Sacramento – Senate Bill 1409, which would update current law to streamline the production of industrial hemp in California, has been passed by the Senate Committee on Public Safety, Senator Scott Wilk (R-Antelope Valley), who introduced the bill, announced Wednesday.
SB 1409 would allow California farmers to grow and produce non-intoxicating hemp for commercial and industrial uses.
“This is an amazing opportunity for California,” Wilk said. “It makes sense for our economy, our farming community and our natural resources. California is the largest consumer of hemp materials in the nation. Bringing the industry to California will mean jobs and manufacturing. We have a market for it across our economic sectors, an appetite for it in our farming community and investors ready for the opportunity to support hemp operations that would employ a hungry workforce. It’s time we take advantage.”
In addition to the economic benefits, industrial hemp is a natural fit for California’s arid climate.
In the Antelope Valley, where alfalfa currently represents the No. 1 agricultural crop, farmers could save five acre-feet of water per acre when switching from alfalfa to hemp. With water conservation policies here to stay, that savings is important to the farming community as well as the 40 million thirsty people living in California.
Industrial hemp is an agricultural crop grown and processed throughout the world for thousands of consumer and food products, including alternatives to fossil fuel and wood products.
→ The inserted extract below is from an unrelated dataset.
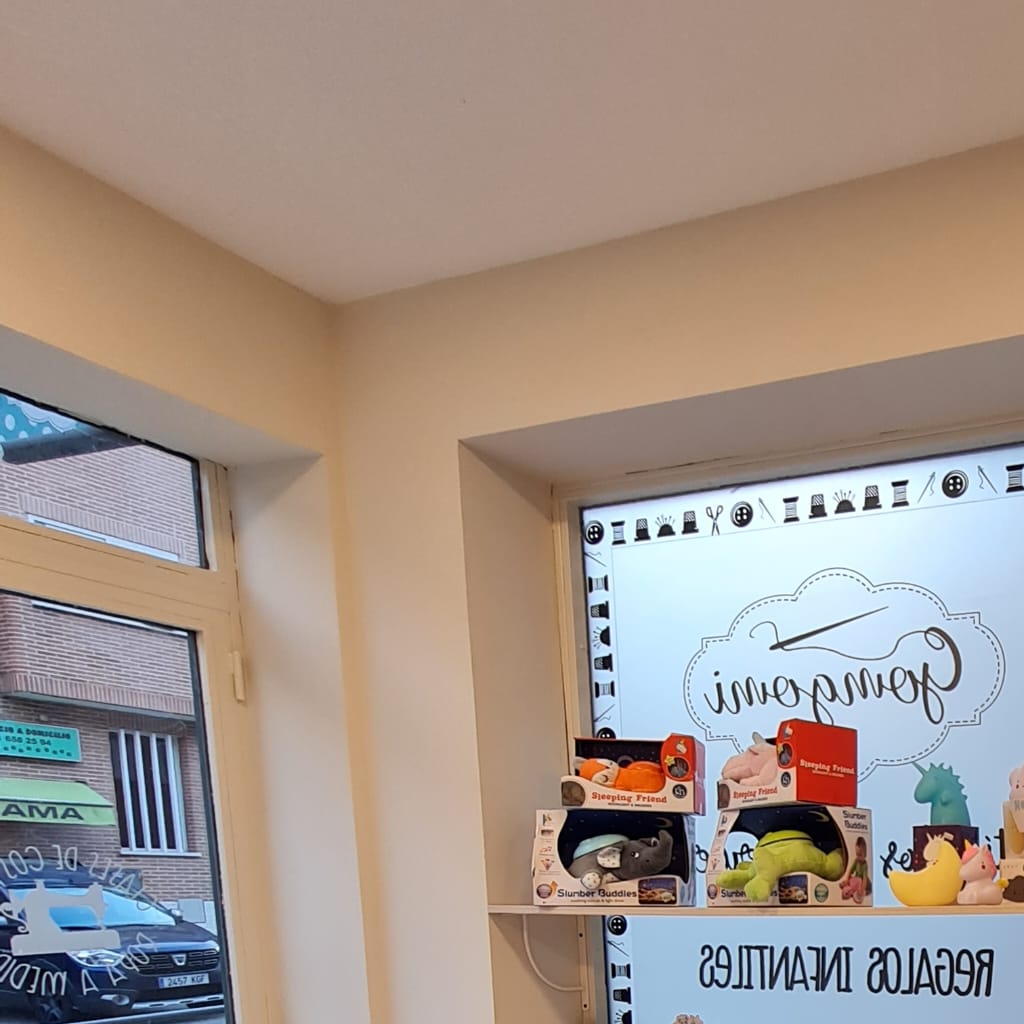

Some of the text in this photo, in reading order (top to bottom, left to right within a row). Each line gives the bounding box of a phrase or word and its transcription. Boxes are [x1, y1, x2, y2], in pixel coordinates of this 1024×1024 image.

“At one point, California was well positioned for an industrial hemp industry when it enacted Senate Bill 566 in 2013 which conditionally approved an industrial hemp pilot program,” Wilk said.
“Unfortunately, Prop. 64, by and large, failed to differentiate this industrial commodity from its psychoactive counterpart, cannabis,” he said. “When Prop. 64 passed in 2016 much of the progress made under SB 566 and other efforts were undone.”
Senate Bill 1409 brings California’s hemp laws up to date by allowing the pilot program to proceed as intended and by updating the definition of industrial hemp to reflect the difference between it and cannabis.
Wilk added that the federal government has also initiated similar efforts to update industrial hemp laws by removing it from the federal controlled substances list.
The legislation in Congress, if successful, will complement Wilk’s legislation.
SB 1409 will next be heard in the Senate Appropriations committee.